McArdle disease
McArdle disease Causes
Myophosphorylase is the muscle isoform of the glycogen enzyme called phosphorylase and what happens with victims of this disease is that a metabolic disorder prevents the sufficient production of this muscle isoform.
McArdle disease Definition
By definition MacArdle's disease is also known as Glycogen storage disease type V and is a kind of metabolic disorder that is characterized by the body's inability to produce enough of the muscle isoform called phosphorylase. Relatively recent, it was first identified in 1951 by the English physician whose name it now bears.
McArdle disease Diagnosis
Diagnosis of the diseases is also clinically based with a physical examination of patients who are asked to demonstrate certain physical tasks. Family history is also examined because the disorder tends to be hereditary. Tests include a forearm exercise test, blood samples for the detection of lactate and ammonia and a possible muscle biopsy to find specific instances of glycogen absorption.

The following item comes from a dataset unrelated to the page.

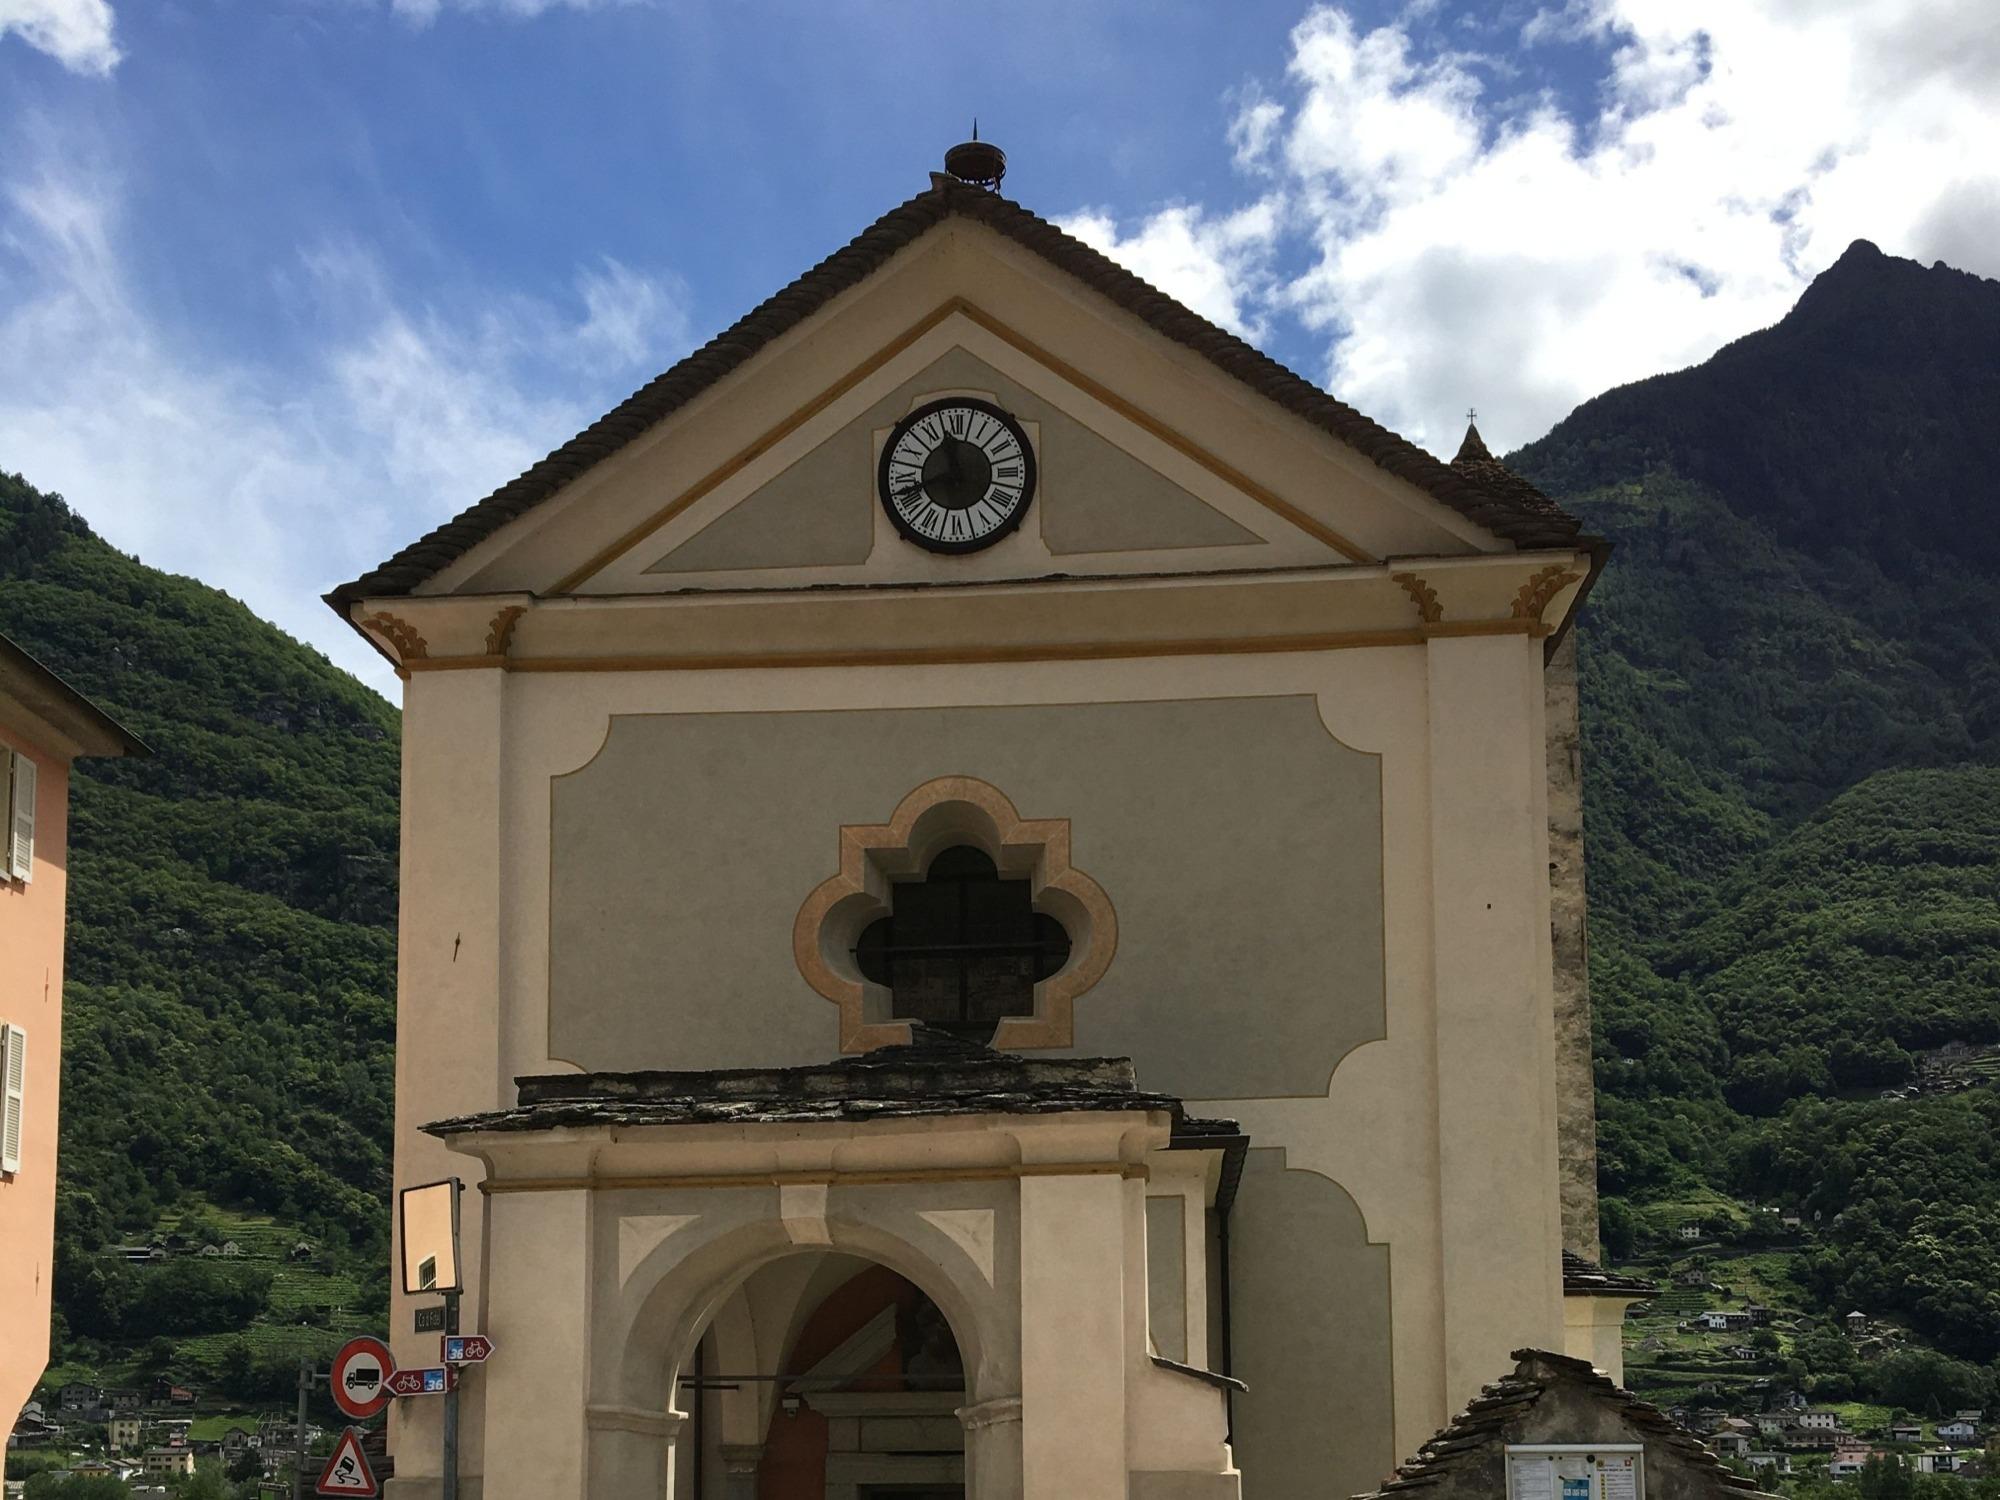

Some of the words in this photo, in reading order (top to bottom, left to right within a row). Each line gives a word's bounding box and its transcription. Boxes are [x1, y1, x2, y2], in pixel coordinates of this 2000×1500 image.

[997, 466, 1019, 478] III
[450, 1348, 463, 1360] 36
[427, 1379, 443, 1391] 36

McArdle disease Symptoms and Signs
Victims of McArdle disease experience exercise intolerance complemented with myalgia, resultant stiffness of exercising muscles, and early fatigue, which are sometimes relieved by rest. The typical cycle that a patient goes through normally starts with fatigue, then after resting, are able to recover their strength again; this is explained by the fact that at this point, the body is now using fatty acids as an energy sources for the body's muscles which explains the renewed strength. Another common symptom is a red to brownish urine which may be a sign of rhabdomyolysis which isthe breakdown of muscle tissue. This has to be avoided because myoglobinuria can damage the kidneys
McArdle disease Treatment
Since it is a metabolic disorder, the most successful treatment programs involve the proper utilization of glycogen to capitalize on the disorder's cycle. Any kind of anaerobic exercise that involves intense muscle movement must be avoided.